The Bellwether Verdict and Its Role in the MDL
The jury in the Northern District of Georgia rejected plaintiff Pauline Rickard’s claim that Teva failed to warn about Paragard’s potential to break during removal. The case was selected as the first bellwether from a pool of more than 3,800 lawsuits asserting similar theories of injury, including allegations that fragments can remain in the body and require surgical intervention. Bellwether trials are not binding on other plaintiffs, but they are commonly used by litigants and courts to test evidentiary themes, assess witness credibility, and approximate how juries value contested injury and warning claims.
The defense verdict may influence how both sides evaluate settlement posture and trial strategy, but it does not resolve the merits of the remaining cases. Rickard alleged that she required multiple procedures following removal attempts, while Teva maintained that its labeling and physician-directed warnings were sufficient. The court is scheduled to proceed with additional bellwether trials in the coming months, which may further clarify how juries respond to competing accounts of device performance, clinical risk communication, and the proof needed to connect an alleged breakage event to specific injuries and damages.
Core Allegations: Breakage Risk, Removal Complications, and Warnings
Paragard is a non-hormonal, copper IUD intended to provide long-term contraception and is placed and removed by clinicians. The pending lawsuits generally allege that the device can break while in situ or during attempted removal, leaving components behind and creating a need for additional medical procedures. Plaintiffs contend that these complications may include pain, bleeding, uterine injury, and reproductive impacts, and that clearer warnings could have altered clinical decision-making, patient consent, or follow-up care. In many cases, the dispute centers on the frequency and foreseeability of breakage and on whether the risk was communicated in a manner consistent with applicable standards.
Regulatory and labeling issues have also been part of the public record surrounding the product. According to widely cited summaries in the litigation context, Paragard’s label was updated in 2024 to include language addressing breakage risk, and federal regulators have previously reviewed safety signals associated with user and clinician reports. In the MDL, such developments may be used by parties to frame notice, medical understanding over time, and the adequacy of risk disclosure, while courts may scrutinize how later label changes interact with arguments about what was feasible or required during earlier periods of distribution and use.
Teva’s Defenses: Product Ownership, Preemption, and Physician Warnings
Teva sold Paragard to CooperSurgical in 2017, and the litigation has distinguished between claims tied to periods of product ownership. In Rickard’s case, her claims against CooperSurgical were dismissed separately, leaving Teva to defend claims brought by individuals who received Paragard when Teva owned the product. Teva has argued that plaintiffs’ theories are preempted by federal law governing labeling and that the company adequately warned physicians about the possibility of breakage. These defenses place focus on the boundary between federal regulatory requirements and state-law failure-to-warn theories, including whether plaintiffs can show a viable path for additional warnings without conflicting with federal standards.
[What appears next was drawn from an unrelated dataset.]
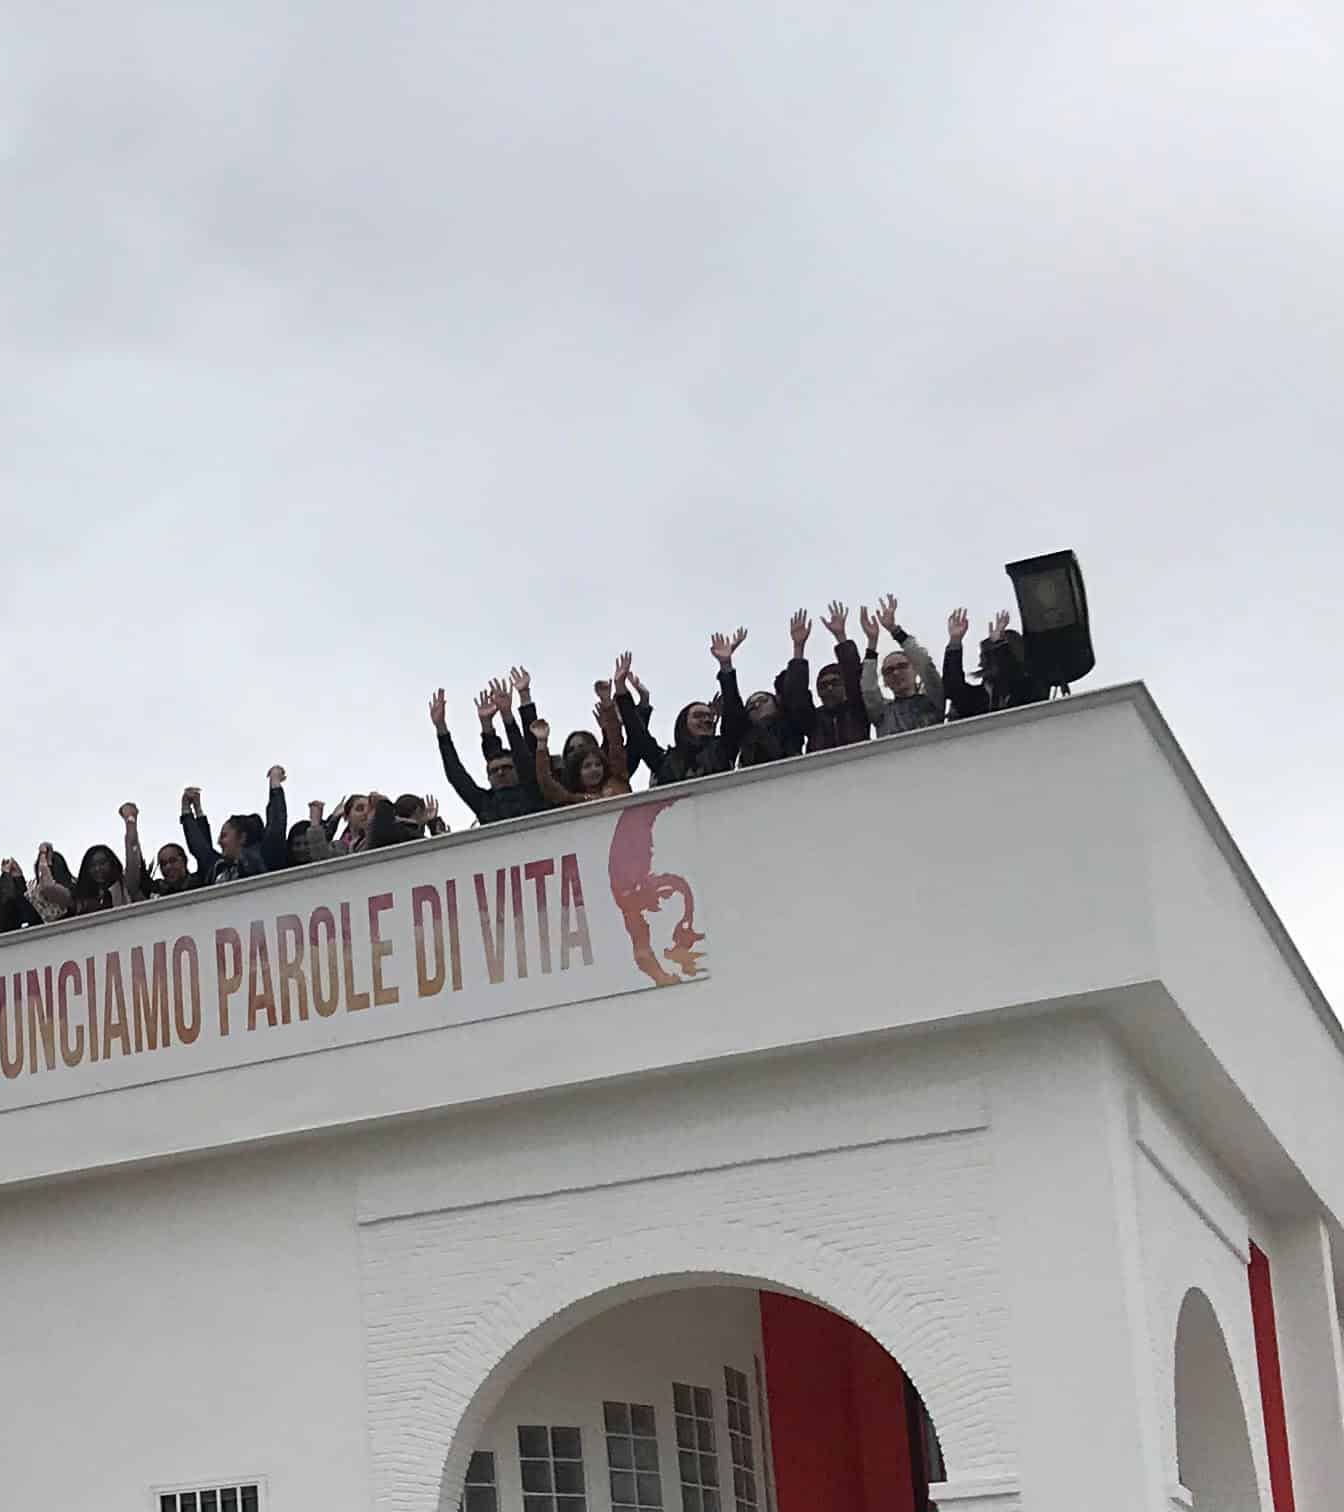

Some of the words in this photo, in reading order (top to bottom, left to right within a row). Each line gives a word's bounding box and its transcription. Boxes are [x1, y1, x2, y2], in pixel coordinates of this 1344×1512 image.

[215, 892, 400, 1037] PAROLE
[413, 879, 463, 998] DI
[474, 852, 593, 984] VITA
The defense team for Teva includes attorneys from Butler Snow, according to court filings. As the MDL advances, continued motion practice and trial rulings are likely to refine the admissibility of evidence concerning labeling history, adverse event reports, and causation narratives tied to individual removal procedures. With two more bellwether trials planned, future verdicts may help define which factual and scientific disputes are most determinative for jurors, and whether the parties can narrow issues sufficiently to evaluate global resolution frameworks without litigating thousands of cases to completion.